- [Exercise instructions] All entries must be transcribed without a single difference.

- [Data]

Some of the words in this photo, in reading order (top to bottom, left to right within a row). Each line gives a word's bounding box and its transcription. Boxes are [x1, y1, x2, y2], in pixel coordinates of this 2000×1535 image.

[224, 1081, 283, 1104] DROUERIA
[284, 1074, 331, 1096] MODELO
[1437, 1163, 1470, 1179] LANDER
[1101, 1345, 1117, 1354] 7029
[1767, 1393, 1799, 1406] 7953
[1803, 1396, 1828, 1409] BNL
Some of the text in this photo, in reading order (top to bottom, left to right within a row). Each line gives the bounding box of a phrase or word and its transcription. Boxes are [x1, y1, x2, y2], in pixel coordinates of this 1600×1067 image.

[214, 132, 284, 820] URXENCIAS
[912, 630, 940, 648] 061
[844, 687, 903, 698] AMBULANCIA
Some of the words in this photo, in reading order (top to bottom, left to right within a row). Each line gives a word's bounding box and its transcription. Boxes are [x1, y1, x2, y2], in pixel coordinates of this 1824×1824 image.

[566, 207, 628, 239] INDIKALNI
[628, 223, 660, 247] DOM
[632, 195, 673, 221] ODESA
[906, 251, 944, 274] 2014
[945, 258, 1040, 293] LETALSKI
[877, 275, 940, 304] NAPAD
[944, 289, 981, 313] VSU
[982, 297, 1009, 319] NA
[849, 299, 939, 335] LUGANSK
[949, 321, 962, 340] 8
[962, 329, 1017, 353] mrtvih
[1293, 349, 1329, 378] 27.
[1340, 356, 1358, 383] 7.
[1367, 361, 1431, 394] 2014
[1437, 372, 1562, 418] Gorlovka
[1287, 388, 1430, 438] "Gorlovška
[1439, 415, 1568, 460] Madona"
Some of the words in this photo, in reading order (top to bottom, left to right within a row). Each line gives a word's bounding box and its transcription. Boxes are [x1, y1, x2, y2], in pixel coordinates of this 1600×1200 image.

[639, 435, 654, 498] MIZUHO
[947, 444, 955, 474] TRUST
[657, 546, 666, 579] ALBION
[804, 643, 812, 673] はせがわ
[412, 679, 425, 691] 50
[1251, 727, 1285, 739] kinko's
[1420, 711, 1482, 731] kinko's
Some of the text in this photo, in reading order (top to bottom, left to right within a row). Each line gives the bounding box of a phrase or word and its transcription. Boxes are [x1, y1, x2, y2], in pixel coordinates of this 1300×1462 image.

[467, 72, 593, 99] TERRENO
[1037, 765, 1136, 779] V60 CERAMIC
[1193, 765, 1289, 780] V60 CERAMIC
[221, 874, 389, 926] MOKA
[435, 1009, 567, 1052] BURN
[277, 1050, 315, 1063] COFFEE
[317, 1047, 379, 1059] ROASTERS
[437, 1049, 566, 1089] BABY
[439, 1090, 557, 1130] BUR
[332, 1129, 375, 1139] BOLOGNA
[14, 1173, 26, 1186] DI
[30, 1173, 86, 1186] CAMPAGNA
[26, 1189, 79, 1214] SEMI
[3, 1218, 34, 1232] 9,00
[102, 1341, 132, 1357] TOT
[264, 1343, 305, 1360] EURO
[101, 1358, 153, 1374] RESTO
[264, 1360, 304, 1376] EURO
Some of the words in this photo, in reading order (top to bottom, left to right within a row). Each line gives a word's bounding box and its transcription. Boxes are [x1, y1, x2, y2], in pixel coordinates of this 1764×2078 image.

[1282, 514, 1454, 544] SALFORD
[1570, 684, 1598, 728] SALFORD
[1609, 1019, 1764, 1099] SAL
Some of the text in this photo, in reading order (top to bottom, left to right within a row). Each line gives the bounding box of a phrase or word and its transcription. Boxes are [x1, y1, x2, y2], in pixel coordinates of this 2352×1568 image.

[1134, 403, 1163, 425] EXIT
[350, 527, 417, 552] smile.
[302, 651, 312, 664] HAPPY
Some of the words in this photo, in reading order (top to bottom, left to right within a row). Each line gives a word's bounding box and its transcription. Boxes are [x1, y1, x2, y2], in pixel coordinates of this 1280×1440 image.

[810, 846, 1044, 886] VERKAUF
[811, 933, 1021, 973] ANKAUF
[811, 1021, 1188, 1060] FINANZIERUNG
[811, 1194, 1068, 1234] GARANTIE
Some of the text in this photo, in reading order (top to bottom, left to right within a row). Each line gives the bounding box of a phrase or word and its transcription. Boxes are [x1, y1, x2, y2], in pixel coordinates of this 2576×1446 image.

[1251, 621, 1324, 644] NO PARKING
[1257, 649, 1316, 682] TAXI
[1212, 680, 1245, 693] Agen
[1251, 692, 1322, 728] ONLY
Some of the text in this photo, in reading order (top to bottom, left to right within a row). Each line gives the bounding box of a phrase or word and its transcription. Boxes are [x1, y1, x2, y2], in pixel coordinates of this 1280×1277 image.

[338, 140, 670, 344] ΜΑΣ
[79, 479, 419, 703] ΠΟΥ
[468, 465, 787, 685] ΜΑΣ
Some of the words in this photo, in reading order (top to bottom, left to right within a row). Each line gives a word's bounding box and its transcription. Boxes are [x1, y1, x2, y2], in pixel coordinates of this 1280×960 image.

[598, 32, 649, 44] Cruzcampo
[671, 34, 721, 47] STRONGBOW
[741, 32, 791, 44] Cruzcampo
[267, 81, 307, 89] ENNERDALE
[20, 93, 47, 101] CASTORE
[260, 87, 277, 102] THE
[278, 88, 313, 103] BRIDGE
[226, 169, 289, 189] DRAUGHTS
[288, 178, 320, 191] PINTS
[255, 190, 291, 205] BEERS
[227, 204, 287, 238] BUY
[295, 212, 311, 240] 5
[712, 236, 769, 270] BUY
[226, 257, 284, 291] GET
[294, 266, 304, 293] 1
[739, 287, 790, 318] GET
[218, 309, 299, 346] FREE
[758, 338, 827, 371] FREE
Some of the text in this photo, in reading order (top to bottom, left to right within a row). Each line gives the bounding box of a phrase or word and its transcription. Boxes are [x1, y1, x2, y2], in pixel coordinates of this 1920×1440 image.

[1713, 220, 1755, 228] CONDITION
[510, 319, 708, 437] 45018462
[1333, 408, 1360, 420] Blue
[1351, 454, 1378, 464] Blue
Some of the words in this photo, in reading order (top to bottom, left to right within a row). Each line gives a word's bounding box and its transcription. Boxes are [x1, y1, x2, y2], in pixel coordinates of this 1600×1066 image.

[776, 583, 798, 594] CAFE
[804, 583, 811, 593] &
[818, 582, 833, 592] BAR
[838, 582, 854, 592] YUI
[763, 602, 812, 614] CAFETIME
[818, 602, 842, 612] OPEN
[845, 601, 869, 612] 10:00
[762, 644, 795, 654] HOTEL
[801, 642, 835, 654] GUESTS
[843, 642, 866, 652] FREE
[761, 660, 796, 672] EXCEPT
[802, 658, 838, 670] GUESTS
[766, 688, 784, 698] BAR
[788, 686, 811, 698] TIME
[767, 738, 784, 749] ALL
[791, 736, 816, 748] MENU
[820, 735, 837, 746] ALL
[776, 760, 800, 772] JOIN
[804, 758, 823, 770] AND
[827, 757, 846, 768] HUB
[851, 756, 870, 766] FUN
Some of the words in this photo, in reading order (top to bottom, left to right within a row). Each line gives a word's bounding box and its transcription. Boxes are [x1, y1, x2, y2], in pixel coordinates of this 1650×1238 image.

- [Result for this exercise]
Some of the words in this photo, in reading order (top to bottom, left to right within a row). Each line gives a word's bounding box and its transcription. Boxes are [x1, y1, x2, y2], in pixel coordinates of this 2000×1535 image.

[224, 1081, 283, 1104] DROUERIA
[284, 1074, 331, 1096] MODELO
[1437, 1163, 1470, 1179] LANDER
[1101, 1345, 1117, 1354] 7029
[1767, 1393, 1799, 1406] 7953
[1803, 1396, 1828, 1409] BNL
Some of the text in this photo, in reading order (top to bottom, left to right within a row). Each line gives the bounding box of a phrase or word and its transcription. Boxes are [x1, y1, x2, y2], in pixel coordinates of this 1600×1067 image.

[214, 132, 284, 820] URXENCIAS
[912, 630, 940, 648] 061
[844, 687, 903, 698] AMBULANCIA
Some of the words in this photo, in reading order (top to bottom, left to right within a row). Each line gives a word's bounding box and its transcription. Boxes are [x1, y1, x2, y2], in pixel coordinates of this 1824×1824 image.

[566, 207, 628, 239] INDIKALNI
[628, 223, 660, 247] DOM
[632, 195, 673, 221] ODESA
[906, 251, 944, 274] 2014
[945, 258, 1040, 293] LETALSKI
[877, 275, 940, 304] NAPAD
[944, 289, 981, 313] VSU
[982, 297, 1009, 319] NA
[849, 299, 939, 335] LUGANSK
[949, 321, 962, 340] 8
[962, 329, 1017, 353] mrtvih
[1293, 349, 1329, 378] 27.
[1340, 356, 1358, 383] 7.
[1367, 361, 1431, 394] 2014
[1437, 372, 1562, 418] Gorlovka
[1287, 388, 1430, 438] "Gorlovška
[1439, 415, 1568, 460] Madona"
Some of the words in this photo, in reading order (top to bottom, left to right within a row). Each line gives a word's bounding box and its transcription. Boxes are [x1, y1, x2, y2], in pixel coordinates of this 1600×1200 image.

[639, 435, 654, 498] MIZUHO
[947, 444, 955, 474] TRUST
[657, 546, 666, 579] ALBION
[804, 643, 812, 673] はせがわ
[412, 679, 425, 691] 50
[1251, 727, 1285, 739] kinko's
[1420, 711, 1482, 731] kinko's
Some of the text in this photo, in reading order (top to bottom, left to right within a row). Each line gives the bounding box of a phrase or word and its transcription. Boxes are [x1, y1, x2, y2], in pixel coordinates of this 1300×1462 image.

[467, 72, 593, 99] TERRENO
[1037, 765, 1136, 779] V60 CERAMIC
[1193, 765, 1289, 780] V60 CERAMIC
[221, 874, 389, 926] MOKA
[435, 1009, 567, 1052] BURN
[277, 1050, 315, 1063] COFFEE
[317, 1047, 379, 1059] ROASTERS
[437, 1049, 566, 1089] BABY
[439, 1090, 557, 1130] BUR
[332, 1129, 375, 1139] BOLOGNA
[14, 1173, 26, 1186] DI
[30, 1173, 86, 1186] CAMPAGNA
[26, 1189, 79, 1214] SEMI
[3, 1218, 34, 1232] 9,00
[102, 1341, 132, 1357] TOT
[264, 1343, 305, 1360] EURO
[101, 1358, 153, 1374] RESTO
[264, 1360, 304, 1376] EURO
Some of the words in this photo, in reading order (top to bottom, left to right within a row). Each line gives a word's bounding box and its transcription. Boxes are [x1, y1, x2, y2], in pixel coordinates of this 1764×2078 image.

[1282, 514, 1454, 544] SALFORD
[1570, 684, 1598, 728] SALFORD
[1609, 1019, 1764, 1099] SAL
Some of the text in this photo, in reading order (top to bottom, left to right within a row). Each line gives the bounding box of a phrase or word and its transcription. Boxes are [x1, y1, x2, y2], in pixel coordinates of this 2352×1568 image.

[1134, 403, 1163, 425] EXIT
[350, 527, 417, 552] smile.
[302, 651, 312, 664] HAPPY
Some of the words in this photo, in reading order (top to bottom, left to right within a row). Each line gives a word's bounding box and its transcription. Boxes are [x1, y1, x2, y2], in pixel coordinates of this 1280×1440 image.

[810, 846, 1044, 886] VERKAUF
[811, 933, 1021, 973] ANKAUF
[811, 1021, 1188, 1060] FINANZIERUNG
[811, 1194, 1068, 1234] GARANTIE
Some of the text in this photo, in reading order (top to bottom, left to right within a row). Each line gives the bounding box of a phrase or word and its transcription. Boxes are [x1, y1, x2, y2], in pixel coordinates of this 2576×1446 image.

[1251, 621, 1324, 644] NO PARKING
[1257, 649, 1316, 682] TAXI
[1212, 680, 1245, 693] Agen
[1251, 692, 1322, 728] ONLY
Some of the text in this photo, in reading order (top to bottom, left to right within a row). Each line gives the bounding box of a phrase or word and its transcription. Boxes are [x1, y1, x2, y2], in pixel coordinates of this 1280×1277 image.

[338, 140, 670, 344] ΜΑΣ
[79, 479, 419, 703] ΠΟΥ
[468, 465, 787, 685] ΜΑΣ
Some of the words in this photo, in reading order (top to bottom, left to right within a row). Each line gives a word's bounding box and its transcription. Boxes are [x1, y1, x2, y2], in pixel coordinates of this 1280×960 image.

[598, 32, 649, 44] Cruzcampo
[671, 34, 721, 47] STRONGBOW
[741, 32, 791, 44] Cruzcampo
[267, 81, 307, 89] ENNERDALE
[20, 93, 47, 101] CASTORE
[260, 87, 277, 102] THE
[278, 88, 313, 103] BRIDGE
[226, 169, 289, 189] DRAUGHTS
[288, 178, 320, 191] PINTS
[255, 190, 291, 205] BEERS
[227, 204, 287, 238] BUY
[295, 212, 311, 240] 5
[712, 236, 769, 270] BUY
[226, 257, 284, 291] GET
[294, 266, 304, 293] 1
[739, 287, 790, 318] GET
[218, 309, 299, 346] FREE
[758, 338, 827, 371] FREE
Some of the text in this photo, in reading order (top to bottom, left to right within a row). Each line gives the bounding box of a phrase or word and its transcription. Boxes are [x1, y1, x2, y2], in pixel coordinates of this 1920×1440 image.

[1713, 220, 1755, 228] CONDITION
[510, 319, 708, 437] 45018462
[1333, 408, 1360, 420] Blue
[1351, 454, 1378, 464] Blue
Some of the words in this photo, in reading order (top to bottom, left to right within a row). Each line gives a word's bounding box and its transcription. Boxes are [x1, y1, x2, y2], in pixel coordinates of this 1600×1066 image.

[776, 583, 798, 594] CAFE
[804, 583, 811, 593] &
[818, 582, 833, 592] BAR
[838, 582, 854, 592] YUI
[763, 602, 812, 614] CAFETIME
[818, 602, 842, 612] OPEN
[845, 601, 869, 612] 10:00
[762, 644, 795, 654] HOTEL
[801, 642, 835, 654] GUESTS
[843, 642, 866, 652] FREE
[761, 660, 796, 672] EXCEPT
[802, 658, 838, 670] GUESTS
[766, 688, 784, 698] BAR
[788, 686, 811, 698] TIME
[767, 738, 784, 749] ALL
[791, 736, 816, 748] MENU
[820, 735, 837, 746] ALL
[776, 760, 800, 772] JOIN
[804, 758, 823, 770] AND
[827, 757, 846, 768] HUB
[851, 756, 870, 766] FUN
Some of the words in this photo, in reading order (top to bottom, left to right within a row). Each line gives a word's bounding box and its transcription. Boxes are [x1, y1, x2, y2], in pixel coordinates of this 1650×1238 image.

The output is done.